[Opening MATERIAL SUPPLIED section]
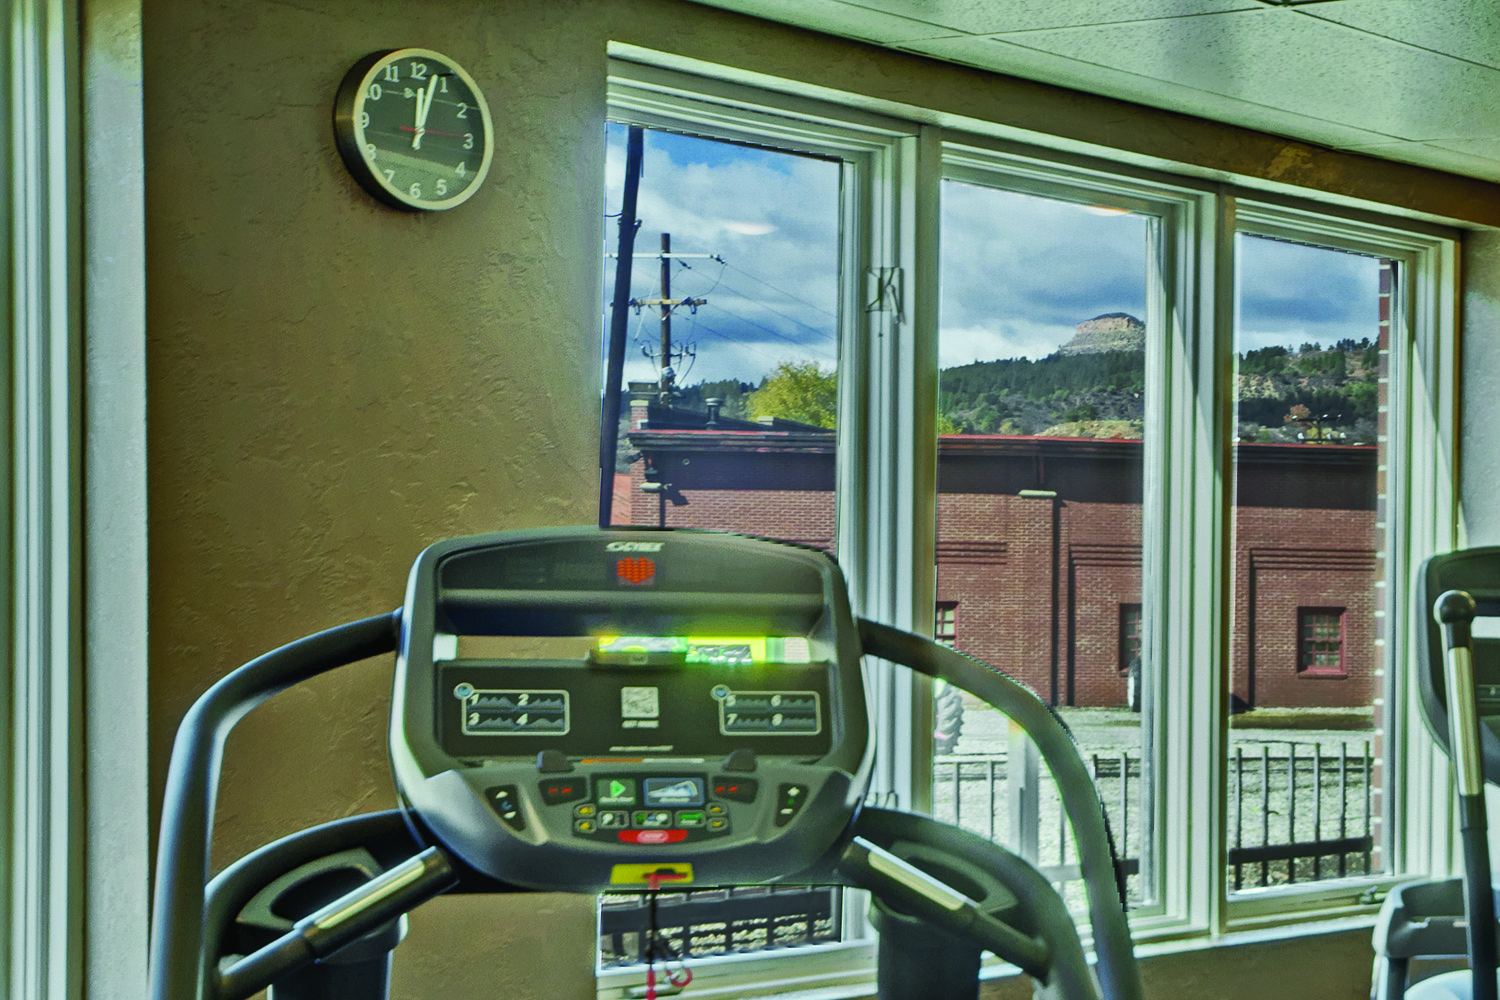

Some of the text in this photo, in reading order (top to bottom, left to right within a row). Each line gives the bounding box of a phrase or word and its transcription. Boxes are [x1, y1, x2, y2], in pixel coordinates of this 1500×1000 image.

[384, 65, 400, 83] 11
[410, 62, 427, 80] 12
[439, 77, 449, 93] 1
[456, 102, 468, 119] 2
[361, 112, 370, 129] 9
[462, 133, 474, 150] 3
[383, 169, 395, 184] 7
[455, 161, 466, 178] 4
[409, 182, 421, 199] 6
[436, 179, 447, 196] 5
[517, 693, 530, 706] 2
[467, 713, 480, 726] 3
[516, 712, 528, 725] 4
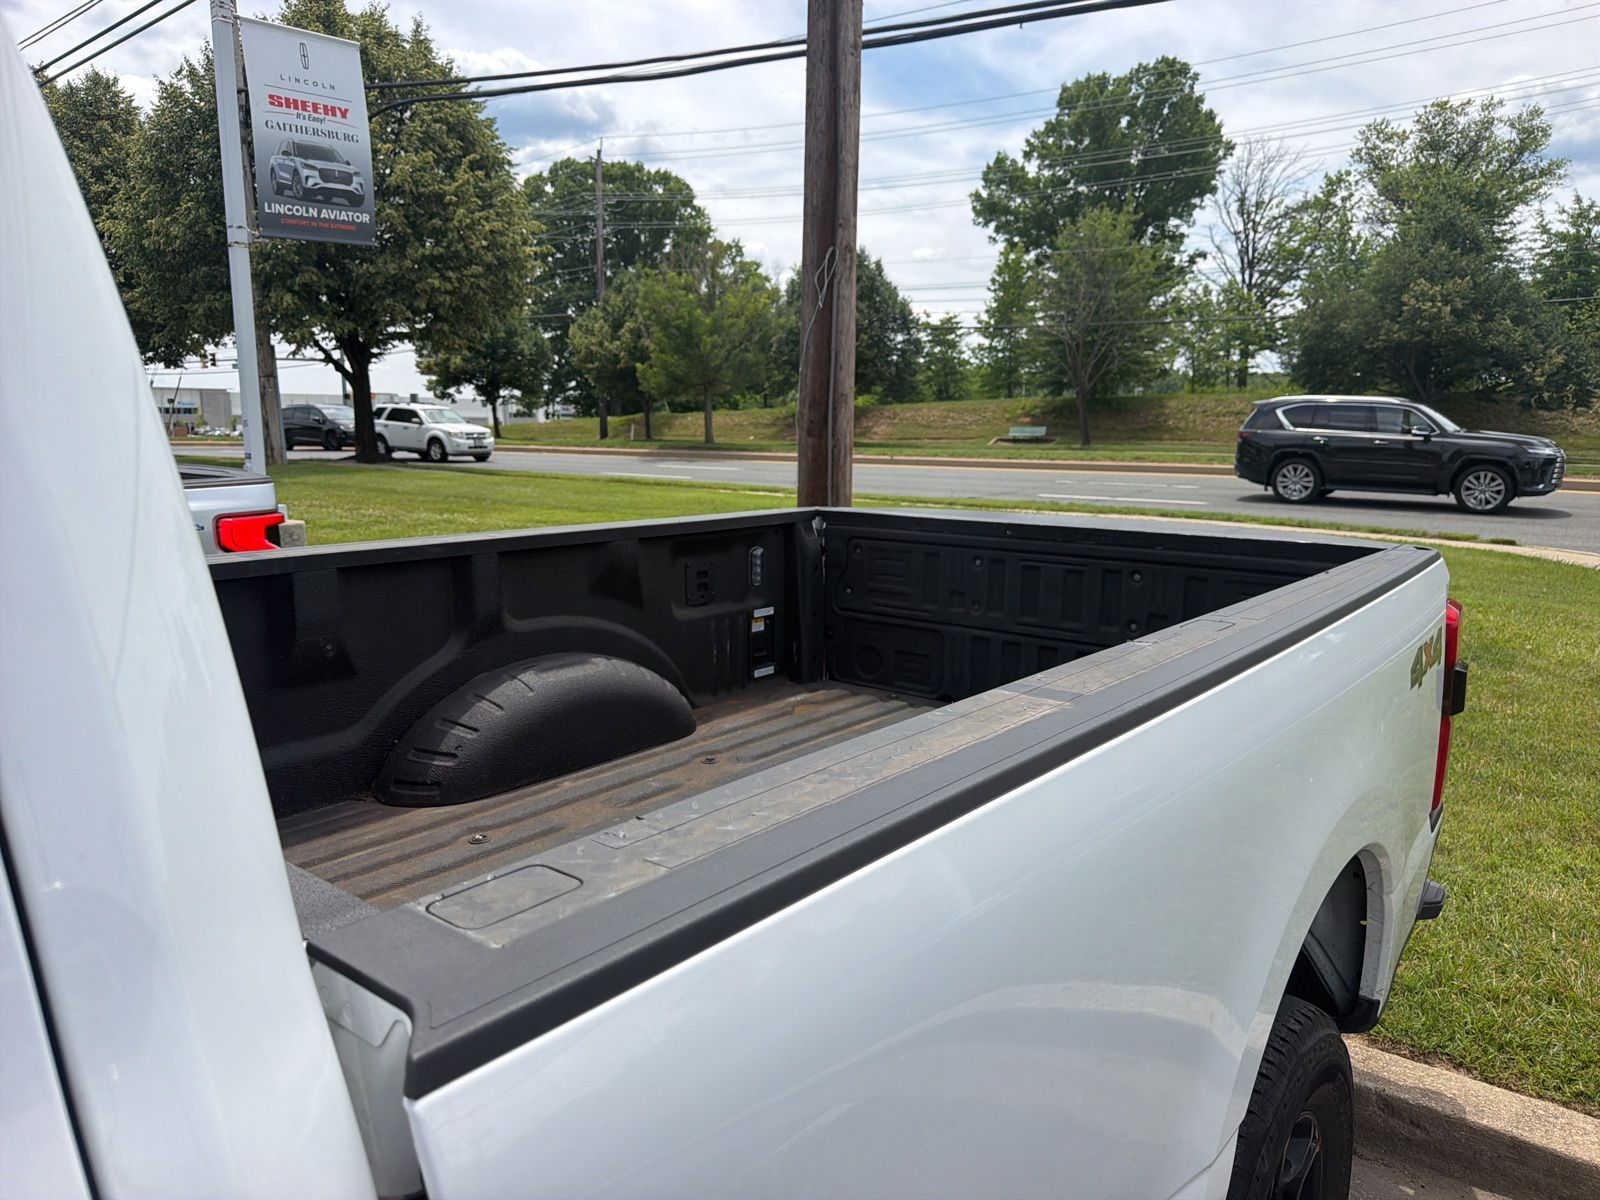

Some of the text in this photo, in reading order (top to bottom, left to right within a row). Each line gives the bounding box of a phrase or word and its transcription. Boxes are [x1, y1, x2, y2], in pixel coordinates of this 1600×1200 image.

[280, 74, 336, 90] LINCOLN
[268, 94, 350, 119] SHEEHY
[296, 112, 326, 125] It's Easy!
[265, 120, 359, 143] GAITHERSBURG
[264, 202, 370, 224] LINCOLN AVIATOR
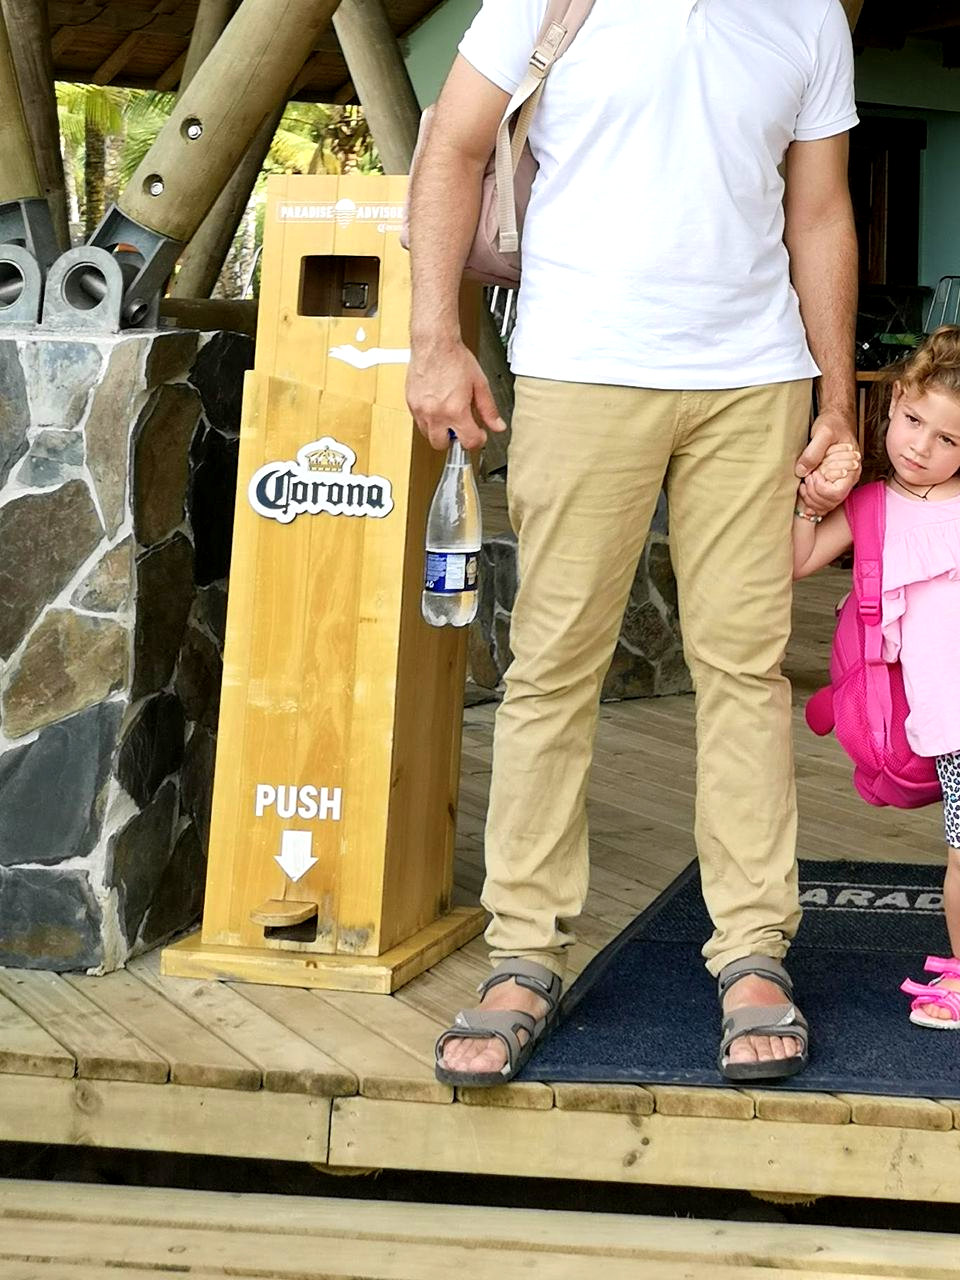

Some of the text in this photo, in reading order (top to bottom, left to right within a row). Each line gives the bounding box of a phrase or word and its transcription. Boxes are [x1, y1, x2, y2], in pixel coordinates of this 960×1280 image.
[Closing MATERIAL SUPPLIED section]
WHAT THE EXERCISE ASKS: Give back the material word for word, leaving out its pictures.

EXPECTED OUTPUT:
Some of the text in this photo, in reading order (top to bottom, left to right within a row). Each line gives the bounding box of a phrase or word and its transcription. Boxes are [x1, y1, x2, y2], in pixel coordinates of this 1500×1000 image.

[384, 65, 400, 83] 11
[410, 62, 427, 80] 12
[439, 77, 449, 93] 1
[456, 102, 468, 119] 2
[361, 112, 370, 129] 9
[462, 133, 474, 150] 3
[383, 169, 395, 184] 7
[455, 161, 466, 178] 4
[409, 182, 421, 199] 6
[436, 179, 447, 196] 5
[517, 693, 530, 706] 2
[467, 713, 480, 726] 3
[516, 712, 528, 725] 4

Some of the text in this photo, in reading order (top to bottom, left to right within a row). Each line gives the bounding box of a phrase or word and its transcription. Boxes are [x1, y1, x2, y2], in pixel coordinates of this 1600×1200 image.

[280, 74, 336, 90] LINCOLN
[268, 94, 350, 119] SHEEHY
[296, 112, 326, 125] It's Easy!
[265, 120, 359, 143] GAITHERSBURG
[264, 202, 370, 224] LINCOLN AVIATOR

Some of the text in this photo, in reading order (top to bottom, left to right within a row). Each line gives the bounding box of a phrase or word and its transcription. Boxes are [x1, y1, x2, y2], in pixel coordinates of this 960×1280 image.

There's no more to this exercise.